EMPRENDIMIENTO: MENOS DISCURSO, MÁS IMPACTO REAL

Por: Carolina Neumann. Directora de comunicaciones Fundación Jaime Guzmán

El Mostrador. 2 mayo, 2026

Si queremos fomentar el emprendimiento en serio, necesitamos un ecosistema completo: financiamiento, formación, redes, acceso a mercados y menos burocracia. Y, sobre todo, políticas públicas diseñadas desde la realidad pyme, no desde la lógica de la gran empresa.

Esta semana se celebró el Día del Emprendimiento. El 29 de abril es una fecha que invita a mirar con realismo el rol de las pymes en Chile. No son solo un concepto: representan el 98% de las empresas del país y generan más del 60% del empleo formal. Pero ese protagonismo convive con un contexto exigente, donde la informalidad bordea el 27%, reflejando que miles de emprendimientos siguen operando sin acceso a redes de apoyo, financiamiento ni protección.

Cuando uno mira dónde están hoy las oportunidades, la foto es clara. Servicios, comercio, construcción y manufacturas concentran una parte mayoritaria de las pymes activas y son, en la práctica, donde se juega el crecimiento. No es casualidad: ahí se están focalizando los incentivos, el financiamiento y los ajustes regulatorios.
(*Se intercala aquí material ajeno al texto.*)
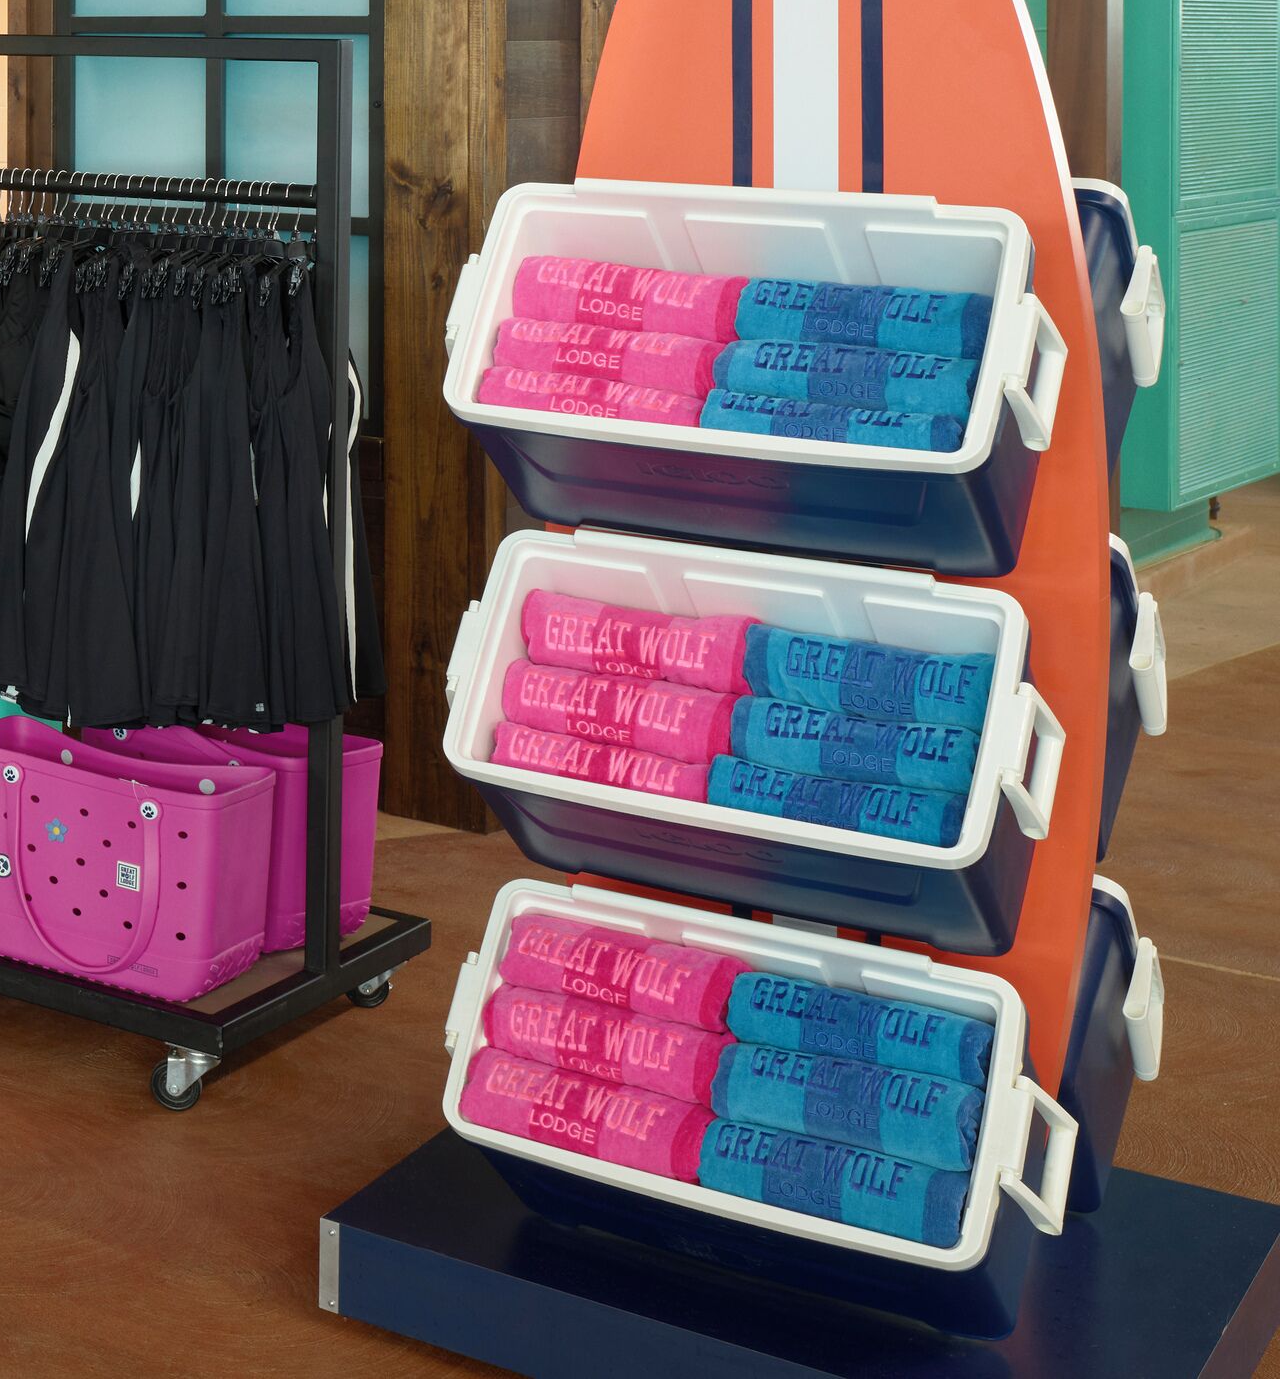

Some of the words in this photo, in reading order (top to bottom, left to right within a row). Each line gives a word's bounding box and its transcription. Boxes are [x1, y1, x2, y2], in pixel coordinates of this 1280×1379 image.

[537, 258, 627, 294] GREAT
[631, 269, 711, 308] WOLF
[754, 280, 853, 313] GREAT
[860, 289, 947, 323] WOLF
[579, 296, 643, 321] LODGE
[802, 318, 875, 338] LODGE
[555, 348, 621, 369] LODGE
[754, 342, 855, 373] GREAT
[864, 352, 952, 379] WOLF
[550, 396, 618, 419] LODGE
[808, 380, 881, 399] LODGE
[545, 613, 632, 653] GREAT
[639, 626, 716, 669] WOLF
[786, 637, 887, 688] GREAT
[891, 657, 978, 704] WOLF
[520, 672, 608, 716] GREAT
[614, 684, 694, 735] WOLF
[841, 694, 912, 715] LODGE
[567, 719, 631, 742] LODGE
[765, 703, 865, 743] GREAT
[875, 723, 963, 763] WOLF
[510, 729, 600, 775] GREAT
[608, 747, 687, 792] WOLF
[820, 750, 895, 772] LODGE
[730, 760, 833, 806] GREAT
[839, 783, 928, 827] WOLF
[518, 924, 608, 975] GREAT
[611, 948, 690, 1004] WOLF
[562, 974, 627, 1004] LODGE
[750, 977, 851, 1024] GREAT
[856, 1000, 945, 1047] WOLF
[510, 1000, 597, 1052] GREAT
[604, 1020, 683, 1071] WOLF
[801, 1028, 876, 1058] LODGE
[486, 1059, 580, 1109] GREAT
[582, 1087, 665, 1140] WOLF
[751, 1047, 853, 1090] GREAT
[859, 1067, 947, 1118] WOLF
[529, 1109, 596, 1144] LODGE
[807, 1100, 878, 1130] LODGE
[715, 1124, 817, 1174] GREAT
[822, 1145, 912, 1199] WOLF
[766, 1179, 841, 1209] LODGE
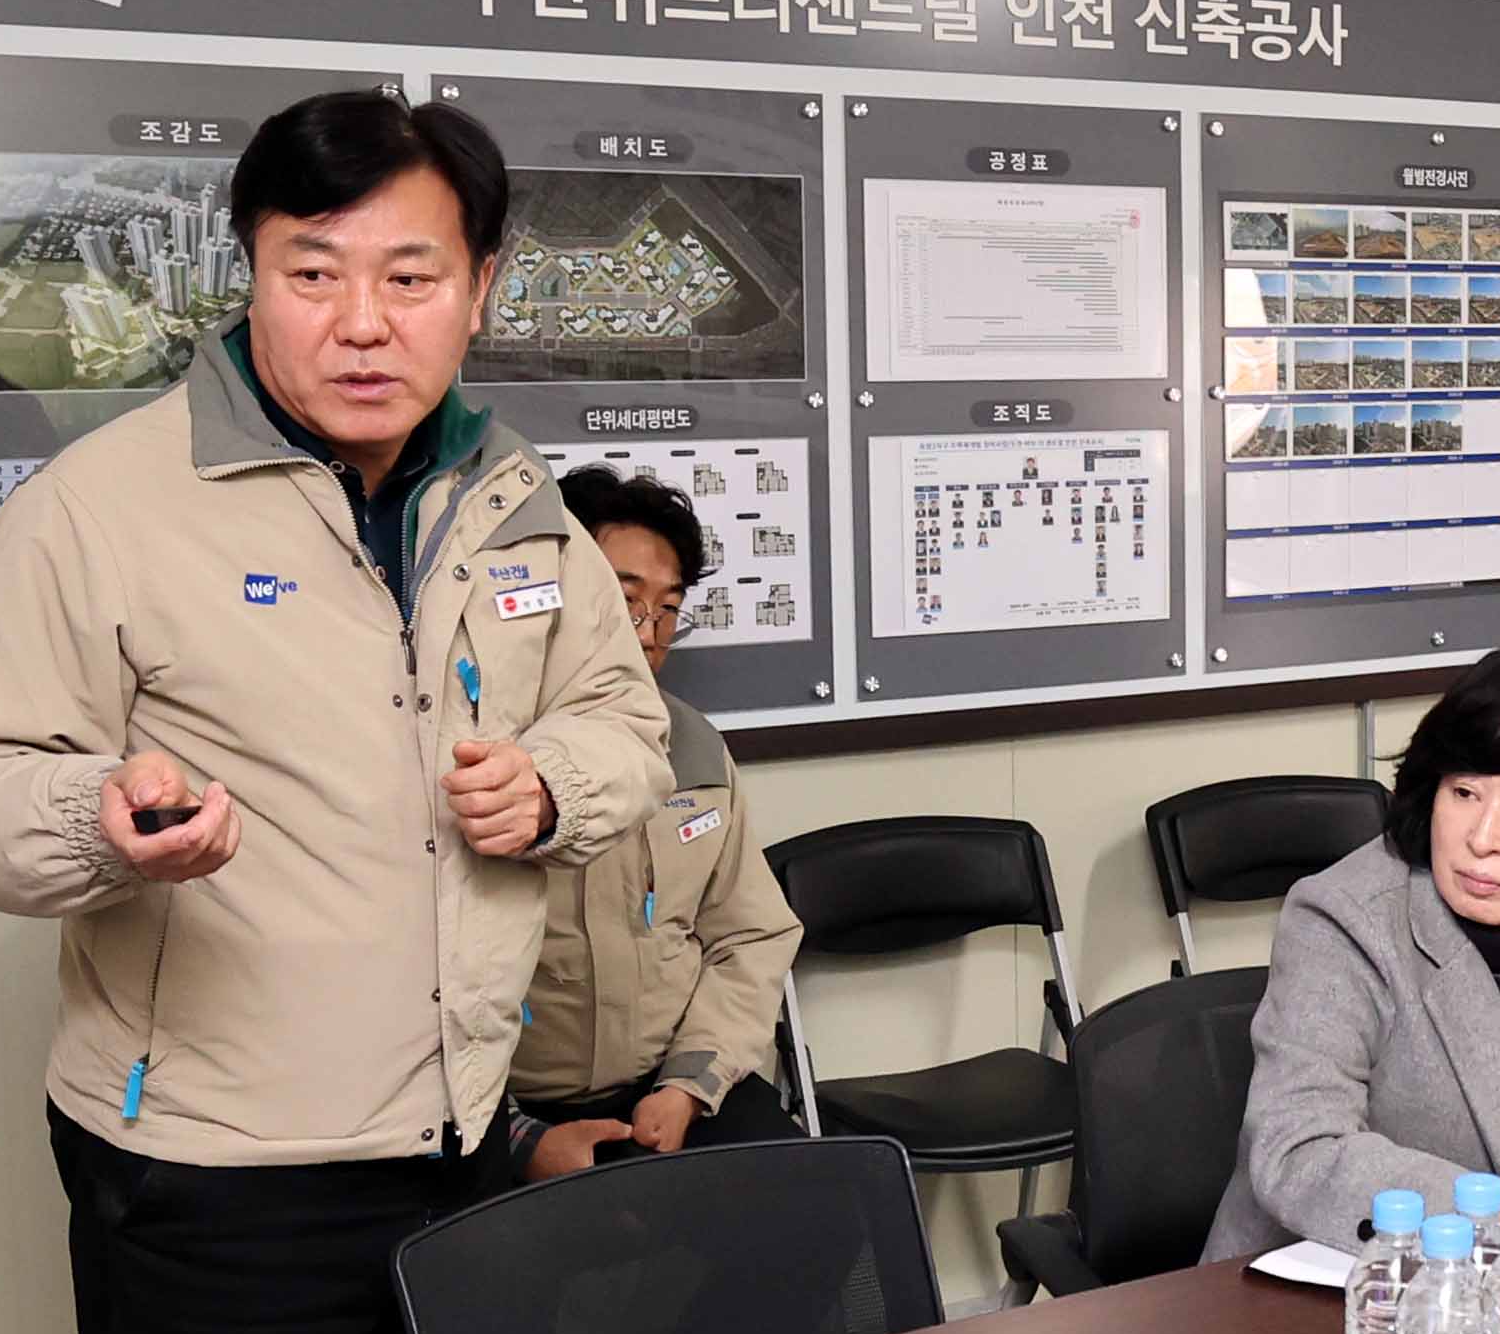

En conjunto, estos sectores también explican cerca del 43% del empleo pyme, lo que refuerza su impacto directo en la economía real.

Pero también hay que hacerse cargo de una realidad incómoda: muchos emprendimientos en Chile no están naciendo por convicción, sino por necesidad. En un mercado laboral cada vez más exigente y carente de oportunidades, emprender se vuelve una salida, no siempre una oportunidad. Y eso cambia completamente el tipo de apoyo que se requiere.

En ese contexto, el proyecto de ley de reconstrucción introduce medidas que van en la línea correcta, pero que deben afinarse. La tasa Pro-Pyme en torno al 12,5% es una buena señal: libera caja, permite reinversión y da oxígeno a negocios que operan con márgenes estrechos.

El crédito tributario al empleo formal –hasta un 15%– también apunta a un problema urgente. Pero la pregunta es clave: ¿esto va a generar nuevas contrataciones o solo va a subsidiar las ya existentes? El diseño importa, porque ahí se juega el impacto real en el empleo.

La rebaja del impuesto corporativo y la reintegración del sistema corrigen distorsiones y empujan la reinversión. Si el incentivo es dejar utilidades en la empresa para crecer, contratar e invertir, vamos bien encaminados. Pero cuidado con sobrerregular o agregar rigideces innecesarias: más complejidad no siempre significa más inversión.

El problema de fondo no es solo tributario. Es estructural. Si queremos fomentar el emprendimiento en serio, necesitamos un ecosistema completo: financiamiento, formación, redes, acceso a mercados y menos burocracia. Y, sobre todo, políticas públicas diseñadas desde la realidad pyme, no desde la lógica de la gran empresa.

Aquí los gremios cumplen un rol clave. Son el puente entre el diseño y la implementación, entre el Estado y quienes están en la cancha. Ignorarlos es, simplemente, diseñar a ciegas.

También hay un cambio cultural pendiente. Emprender no es una historia de éxito viral. Es incertidumbre, es esfuerzo y muchas veces es sostener empleo local en condiciones complejas. Es economía real.

Si Chile quiere crecer de verdad, el emprendimiento no puede seguir siendo una nota al pie. Tiene que estar al centro.